***** DATA EXCERPTS *****
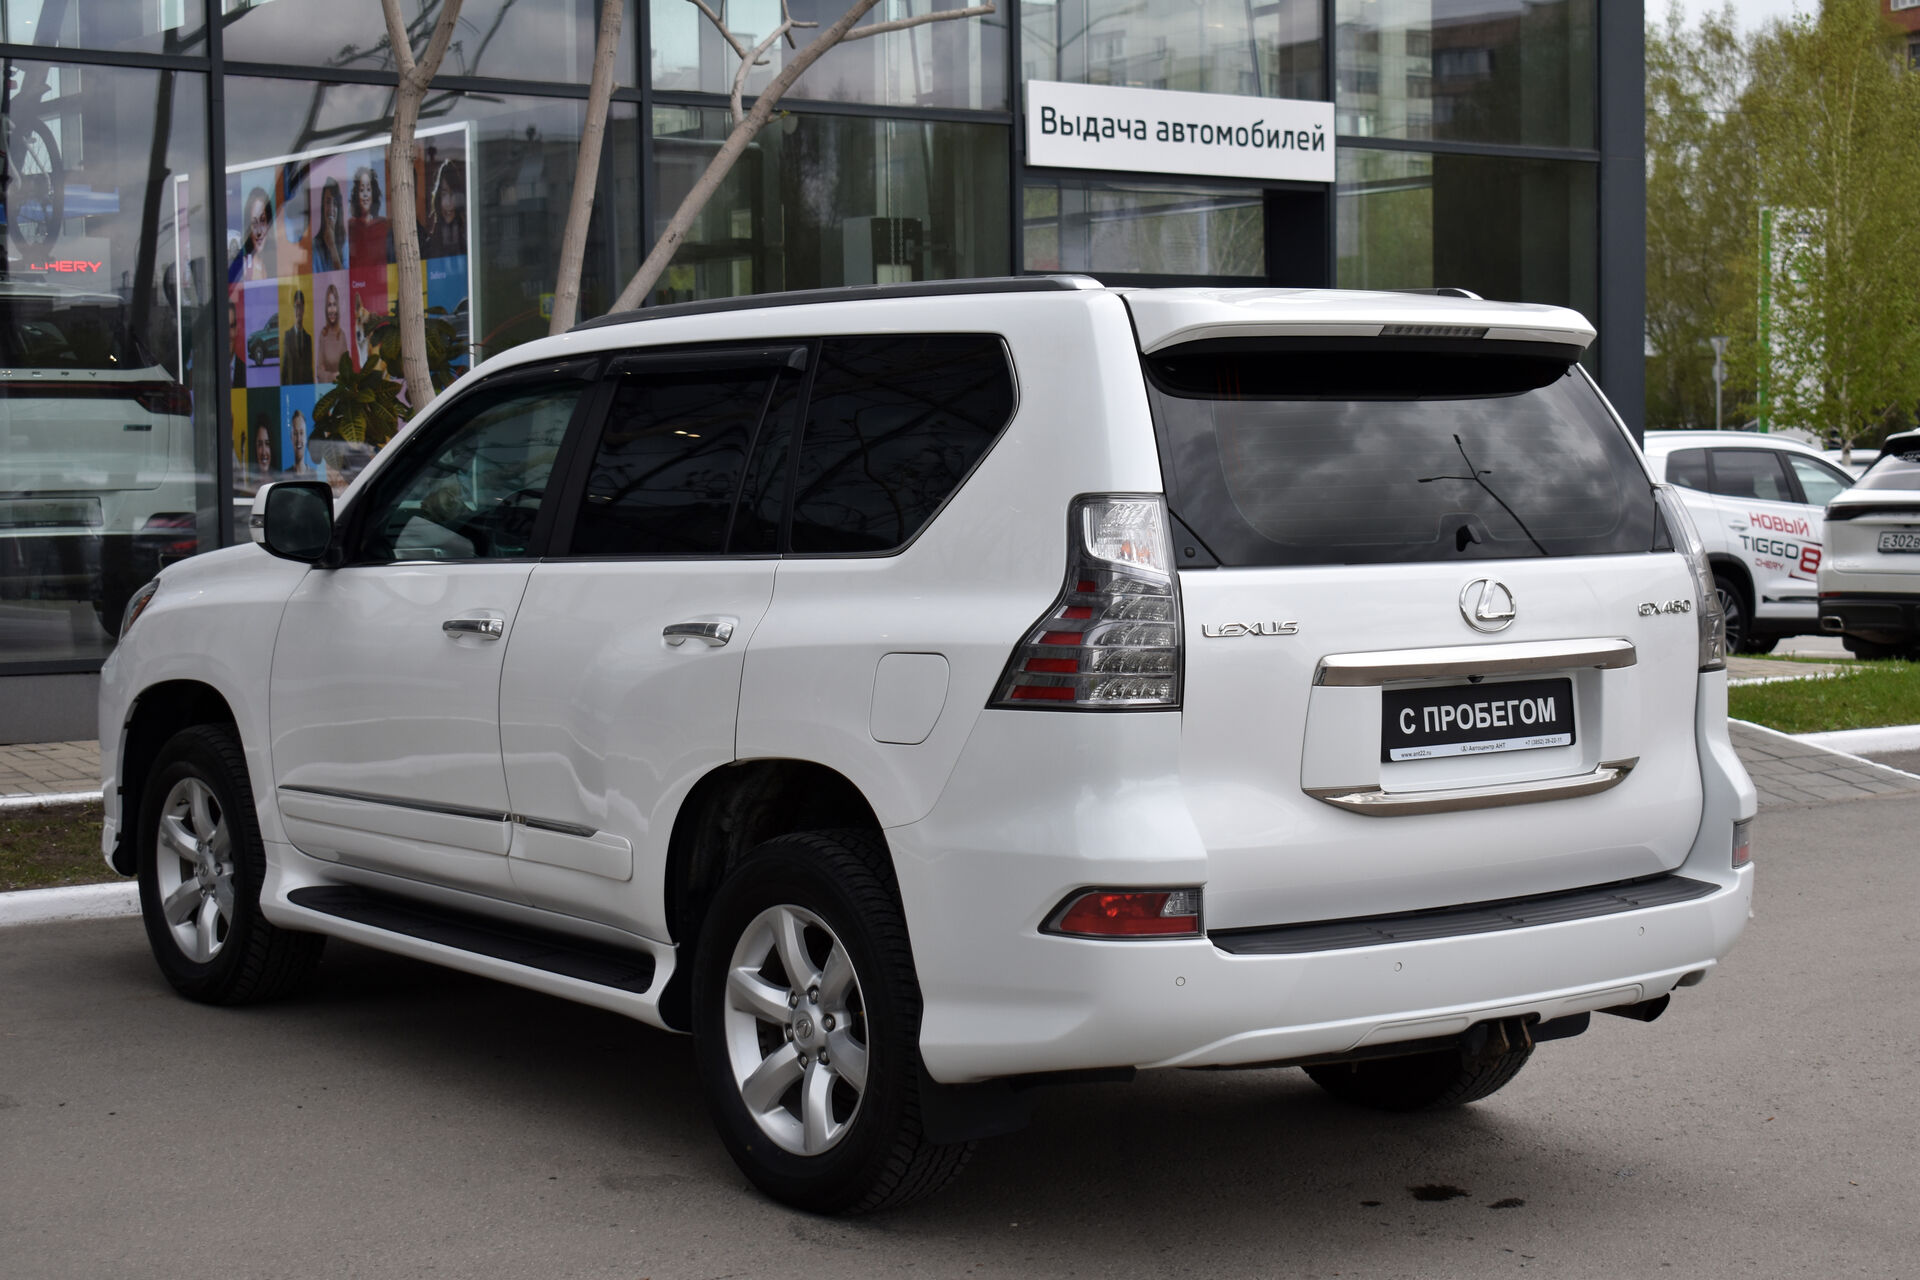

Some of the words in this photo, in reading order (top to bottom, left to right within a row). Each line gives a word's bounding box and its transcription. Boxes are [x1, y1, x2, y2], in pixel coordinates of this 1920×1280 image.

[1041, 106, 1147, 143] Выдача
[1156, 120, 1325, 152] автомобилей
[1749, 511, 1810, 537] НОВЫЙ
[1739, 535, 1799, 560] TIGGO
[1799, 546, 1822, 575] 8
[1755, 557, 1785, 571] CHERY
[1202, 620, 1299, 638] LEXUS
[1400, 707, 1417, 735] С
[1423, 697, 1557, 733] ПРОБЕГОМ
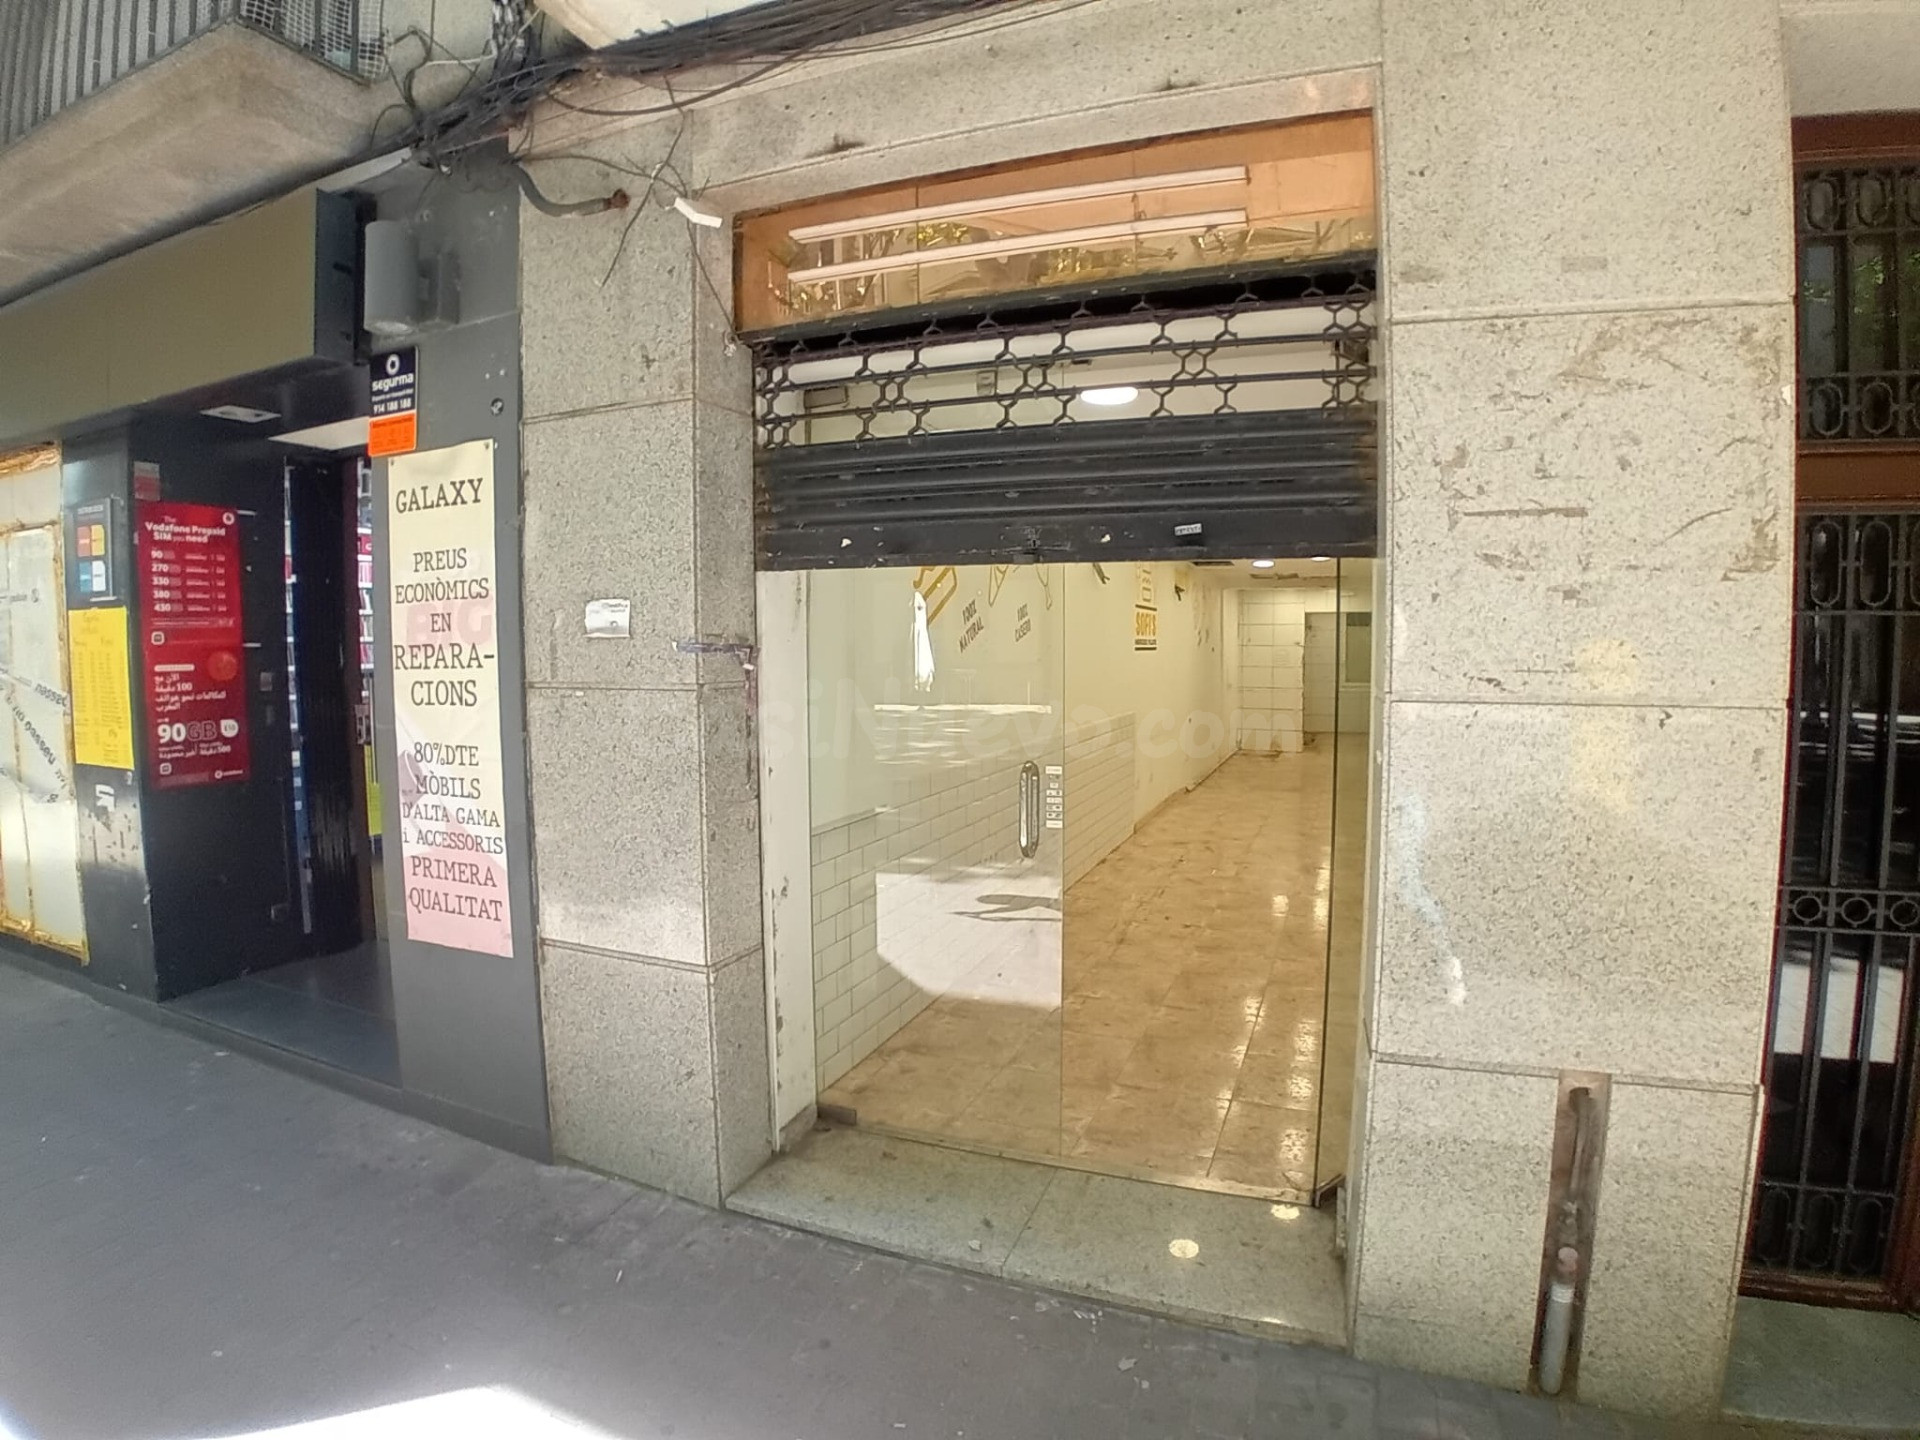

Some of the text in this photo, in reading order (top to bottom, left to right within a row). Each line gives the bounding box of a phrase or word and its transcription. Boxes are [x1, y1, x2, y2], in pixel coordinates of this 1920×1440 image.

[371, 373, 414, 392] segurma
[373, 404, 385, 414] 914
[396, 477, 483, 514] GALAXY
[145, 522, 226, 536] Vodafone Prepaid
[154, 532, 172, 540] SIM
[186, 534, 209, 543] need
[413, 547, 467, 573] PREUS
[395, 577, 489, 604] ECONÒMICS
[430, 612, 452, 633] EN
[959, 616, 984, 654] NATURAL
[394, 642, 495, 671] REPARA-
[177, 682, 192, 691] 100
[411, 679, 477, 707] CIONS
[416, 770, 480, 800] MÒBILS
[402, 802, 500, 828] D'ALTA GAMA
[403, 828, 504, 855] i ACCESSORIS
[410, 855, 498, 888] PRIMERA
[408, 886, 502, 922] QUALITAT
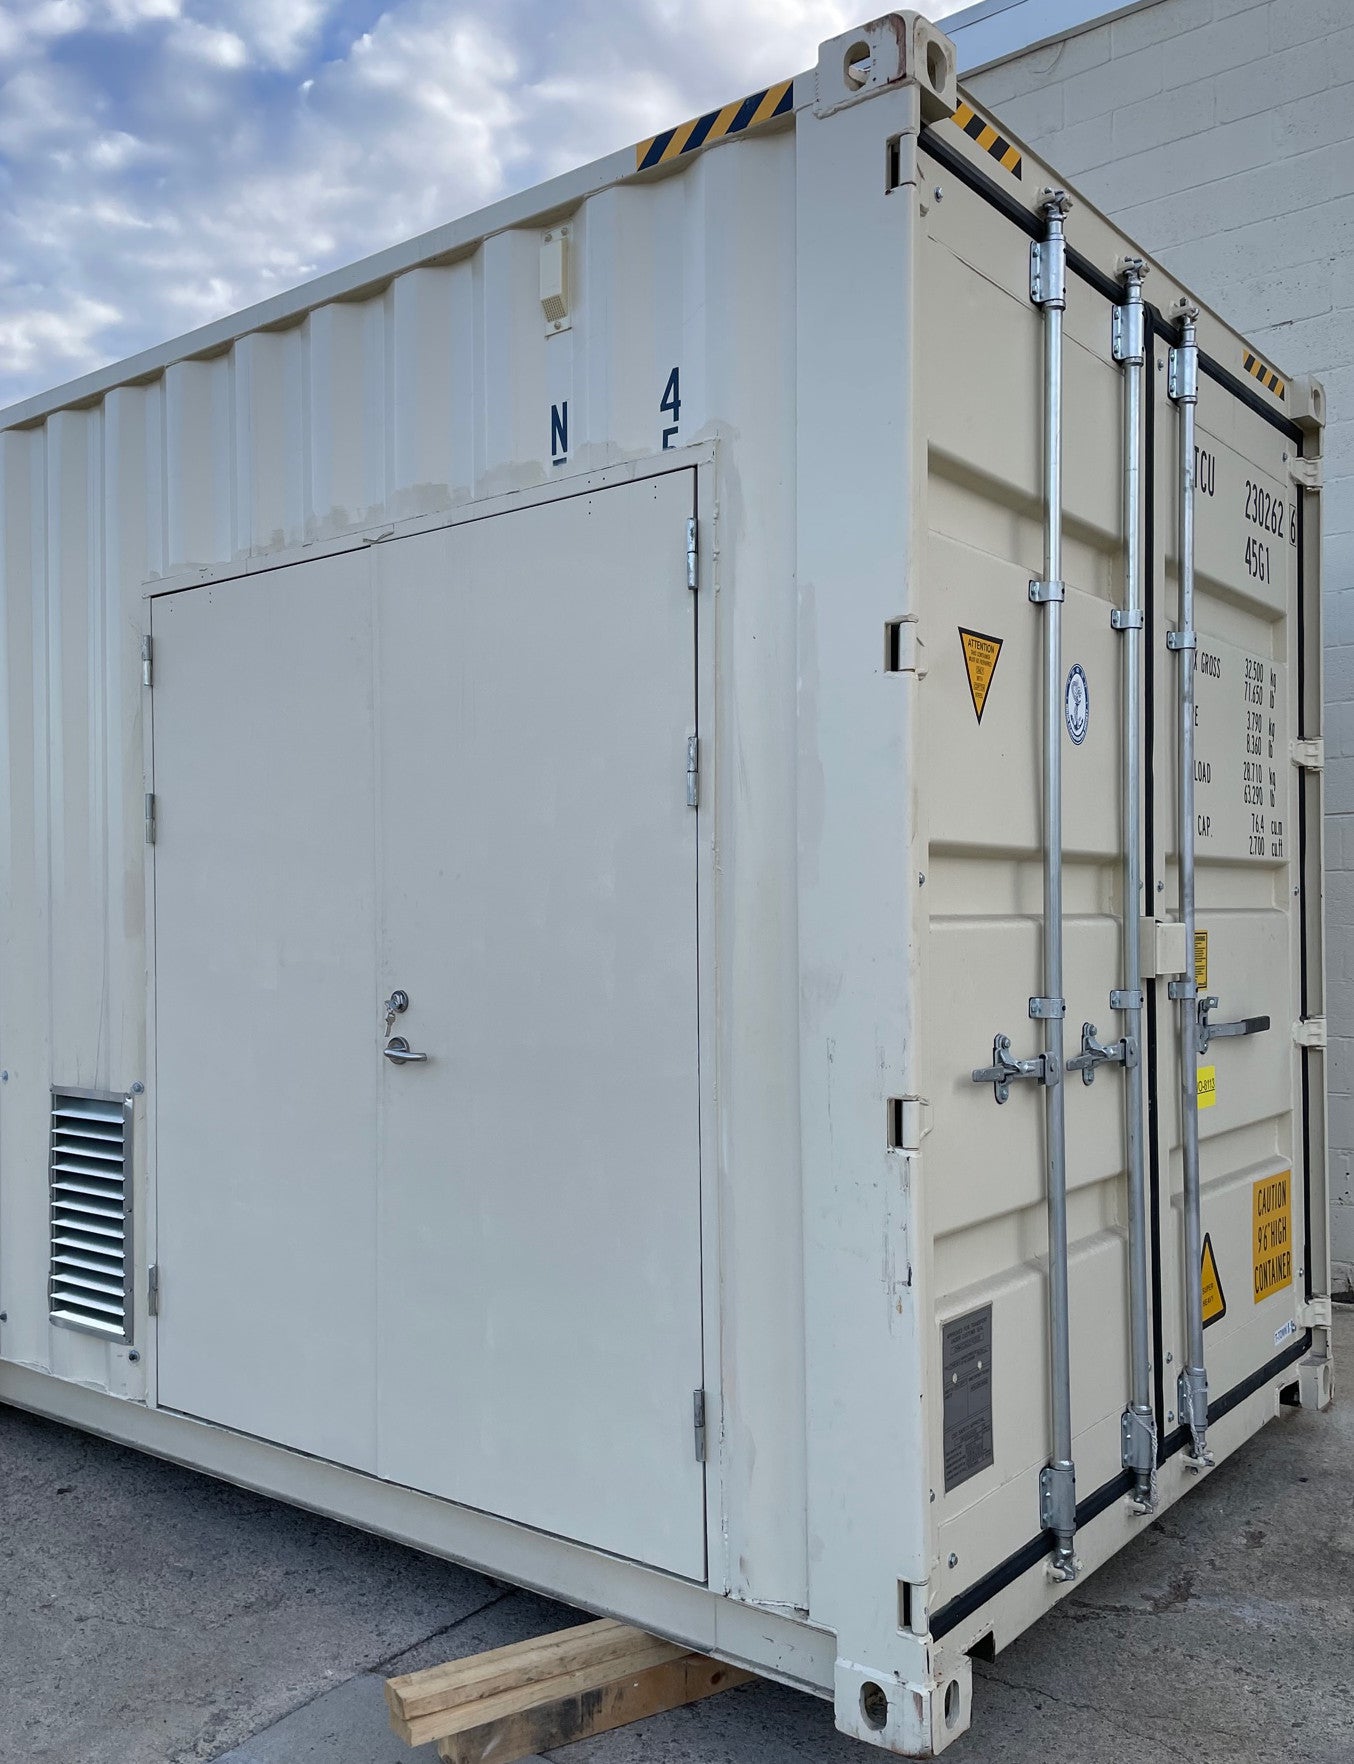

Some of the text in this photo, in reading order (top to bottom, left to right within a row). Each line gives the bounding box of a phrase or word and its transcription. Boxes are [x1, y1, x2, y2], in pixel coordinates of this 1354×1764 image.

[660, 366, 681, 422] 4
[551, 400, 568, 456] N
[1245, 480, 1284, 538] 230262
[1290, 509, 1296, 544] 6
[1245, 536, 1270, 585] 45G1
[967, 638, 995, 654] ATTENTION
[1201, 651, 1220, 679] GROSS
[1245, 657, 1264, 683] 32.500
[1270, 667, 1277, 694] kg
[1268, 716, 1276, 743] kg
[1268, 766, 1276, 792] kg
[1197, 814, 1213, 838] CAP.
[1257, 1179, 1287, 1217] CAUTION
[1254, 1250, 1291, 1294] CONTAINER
*****
WHAT THE TASK REQUIRES:
Each record above is to be returned unchanged, while any picture it holds stays out.

ANSWER:
Some of the words in this photo, in reading order (top to bottom, left to right within a row). Each line gives a word's bounding box and its transcription. Boxes are [x1, y1, x2, y2], in pixel coordinates of this 1920×1280 image.

[1041, 106, 1147, 143] Выдача
[1156, 120, 1325, 152] автомобилей
[1749, 511, 1810, 537] НОВЫЙ
[1739, 535, 1799, 560] TIGGO
[1799, 546, 1822, 575] 8
[1755, 557, 1785, 571] CHERY
[1202, 620, 1299, 638] LEXUS
[1400, 707, 1417, 735] С
[1423, 697, 1557, 733] ПРОБЕГОМ

Some of the text in this photo, in reading order (top to bottom, left to right within a row). Each line gives the bounding box of a phrase or word and its transcription. Boxes are [x1, y1, x2, y2], in pixel coordinates of this 1920×1440 image.

[371, 373, 414, 392] segurma
[373, 404, 385, 414] 914
[396, 477, 483, 514] GALAXY
[145, 522, 226, 536] Vodafone Prepaid
[154, 532, 172, 540] SIM
[186, 534, 209, 543] need
[413, 547, 467, 573] PREUS
[395, 577, 489, 604] ECONÒMICS
[430, 612, 452, 633] EN
[959, 616, 984, 654] NATURAL
[394, 642, 495, 671] REPARA-
[177, 682, 192, 691] 100
[411, 679, 477, 707] CIONS
[416, 770, 480, 800] MÒBILS
[402, 802, 500, 828] D'ALTA GAMA
[403, 828, 504, 855] i ACCESSORIS
[410, 855, 498, 888] PRIMERA
[408, 886, 502, 922] QUALITAT

Some of the text in this photo, in reading order (top to bottom, left to right within a row). Each line gives the bounding box of a phrase or word and its transcription. Boxes are [x1, y1, x2, y2], in pixel coordinates of this 1354×1764 image.

[660, 366, 681, 422] 4
[551, 400, 568, 456] N
[1245, 480, 1284, 538] 230262
[1290, 509, 1296, 544] 6
[1245, 536, 1270, 585] 45G1
[967, 638, 995, 654] ATTENTION
[1201, 651, 1220, 679] GROSS
[1245, 657, 1264, 683] 32.500
[1270, 667, 1277, 694] kg
[1268, 716, 1276, 743] kg
[1268, 766, 1276, 792] kg
[1197, 814, 1213, 838] CAP.
[1257, 1179, 1287, 1217] CAUTION
[1254, 1250, 1291, 1294] CONTAINER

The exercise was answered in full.